Another case that cannot be trusted by a smart cast to not mutate is a val property on an object that has a custom getter. In this case, the compiler has no visibility into what mutates the value and therefore you will get an error message:
class MyThing {
val possibleXyz: Xyz?
get() { ... }
}
// now when referencing this class...
val thing = MyThing()
if (thing.possibleXyz != null) {
// error: "Kotlin: Smart cast to 'kotlin.Int' is impossible, because 'p.x' is a property that has open or custom getter"
thing.possiblyXyz.foo()
}
read more: Checking for null in conditions
More about the ?. Safe Call operator
The safe call operator returns null if the value to the left is null, otherwise continues to evaluate the expression to the right.
val possibleXyz: Xyz? = makeMeSomethingButMaybeNullable()
// "answer" will be null if any step of the chain is null
val answer = possibleXyz?.foo()?.goo()?.boo()
Another example where you want to iterate a list but only if not null and not empty, again the safe call operator comes in handy:
val things: List? = makeMeAListOrDont()
things?.forEach {
// this loops only if not null (due to safe call) nor empty (0 items loop 0 times):
}
In one of the examples above we had a case where we did an if check but have the chance another thread mutated the value and therefore no smart cast. We can change this sample to use the safe call operator along with the let function to solve this:
var possibleXyz: Xyz? = 1
public fun foo() {
possibleXyz?.let { value ->
// only called if not null, and the value is captured by the lambda
val surelyXyz: Xyz = value
}
}
read more: Safe Calls
More about the ?: Elvis Operator
The Elvis operator allows you to provide an alternative value when an expression to the left of the operator is null:
val surelyXyz: Xyz = makeXyzOrNull() ?: DefaultXyz()
It has some creative uses as well, for example throw an exception when something is null:
val currentUser = session.user ?: throw Http401Error("Unauthorized")
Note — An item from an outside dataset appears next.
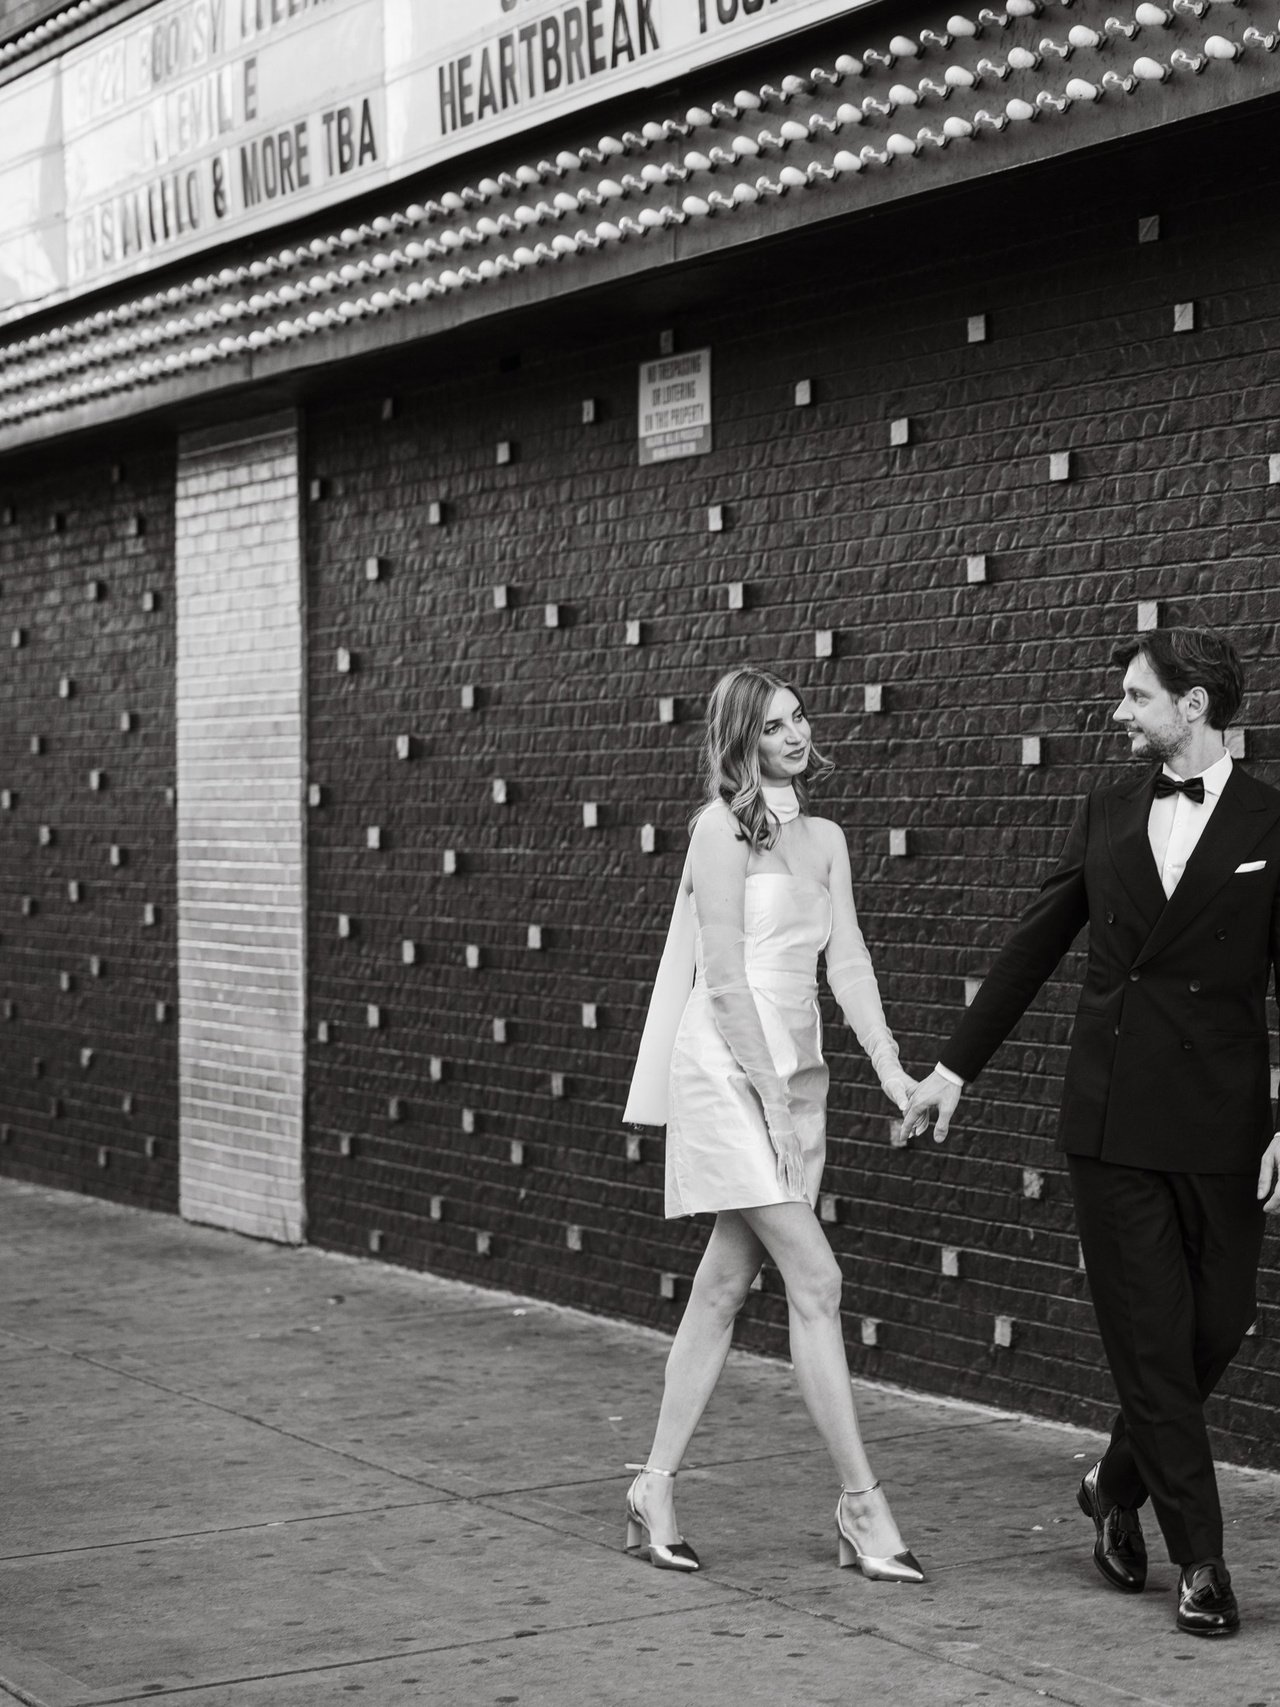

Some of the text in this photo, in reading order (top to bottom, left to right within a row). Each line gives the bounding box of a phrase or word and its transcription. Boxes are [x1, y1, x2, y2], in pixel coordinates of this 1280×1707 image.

[438, 0, 660, 135] HEARTBREAK
[240, 121, 310, 208] MORE
[322, 98, 377, 176] TBA
[671, 404, 704, 426] PROPERTY
or to return early from a function:
fun foo(key: String): Int {
val startingCode: String = codes.findKey(key) ?: return 0
// ...
return endingValue
}
read more: Elvis Operator
Null Operators with Related Functions
Kotlin stdlib has a series of functions that work really nicely with the operators mentioned above. For example:
// use ?.let() to change a not null value, and ?: to provide a default
val something = possibleNull?.let { it.transform() } ?: defaultSomething
// use ?.apply() to operate further on a value that is not null
possibleNull?.apply {
func1()
func2()
}
// use .takeIf or .takeUnless to turn a value null if it meets a predicate
val something = name.takeIf { it.isNotBlank() } ?: defaultName
val something = name.takeUnless { it.isBlank() } ?: defaultName
Related Topics
In Kotlin, most applications try to avoid null values, but it isn't always possible. And sometimes null makes perfect sense. Some guidelines to think about:
in some cases, it warrants different return types that include the status of the method call and the result if successful. Libraries like Result give you a success or failure result type that can also branch your code. And the Promises library for Kotlin called Kovenant does the same in the form of promises.
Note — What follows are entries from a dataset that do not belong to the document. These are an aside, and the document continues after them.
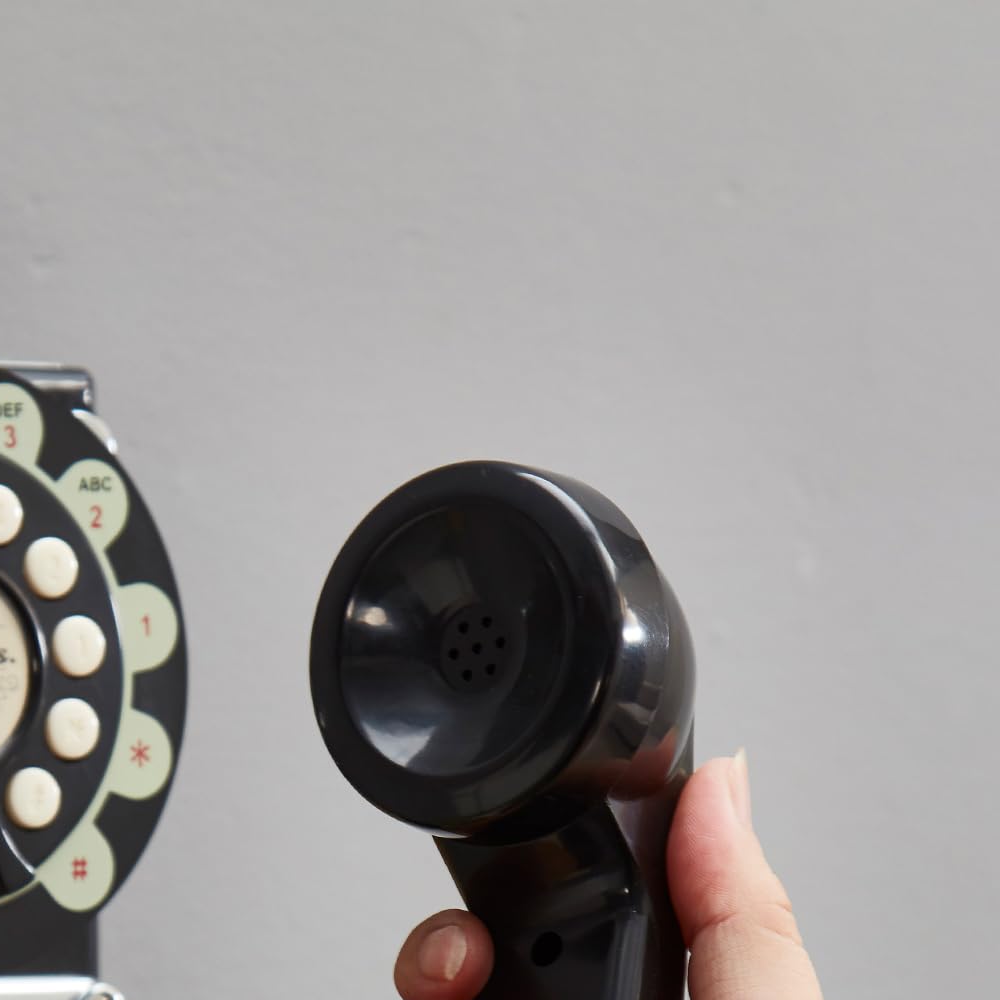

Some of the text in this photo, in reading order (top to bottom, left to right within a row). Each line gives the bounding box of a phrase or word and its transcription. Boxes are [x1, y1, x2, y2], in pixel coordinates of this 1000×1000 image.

[4, 426, 17, 448] 3
[78, 476, 112, 492] ABC
[91, 506, 103, 528] 2
[141, 616, 151, 636] 1
[71, 857, 88, 880] #
for collections as return types always return an empty collection instead of a null, unless you need a third state of "not present". Kotlin has helper functions such as emptyList() or emptySet() to create these empty values.
when using methods which return a nullable value for which you have a default or alternative, use the Elvis operator to provide a default value. In the case of a Map use the getOrElse() which allows a default value to be generated instead of Map method get() which returns a nullable value. Same for getOrPut()
when overriding methods from Java where Kotlin isn't sure about the nullability of the Java code, you can always drop the ? nullability from your override if you are sure what the signature and functionality should be. Therefore your overridden method is more null safe. Same for implementing Java interfaces in Kotlin, change the nullability to be what you know is valid.
look at functions that can help already, such as for String?.isNullOrEmpty() and String?.isNullOrBlank() which can operate on a nullable value safely and do what you expect. In fact, you can add your own extensions to fill in any gaps in the standard library.
assertion functions like checkNotNull() and requireNotNull() in the standard library.
helper functions like filterNotNull() which remove nulls from collections, or listOfNotNull() for returning a zero or single item list from a possibly null value.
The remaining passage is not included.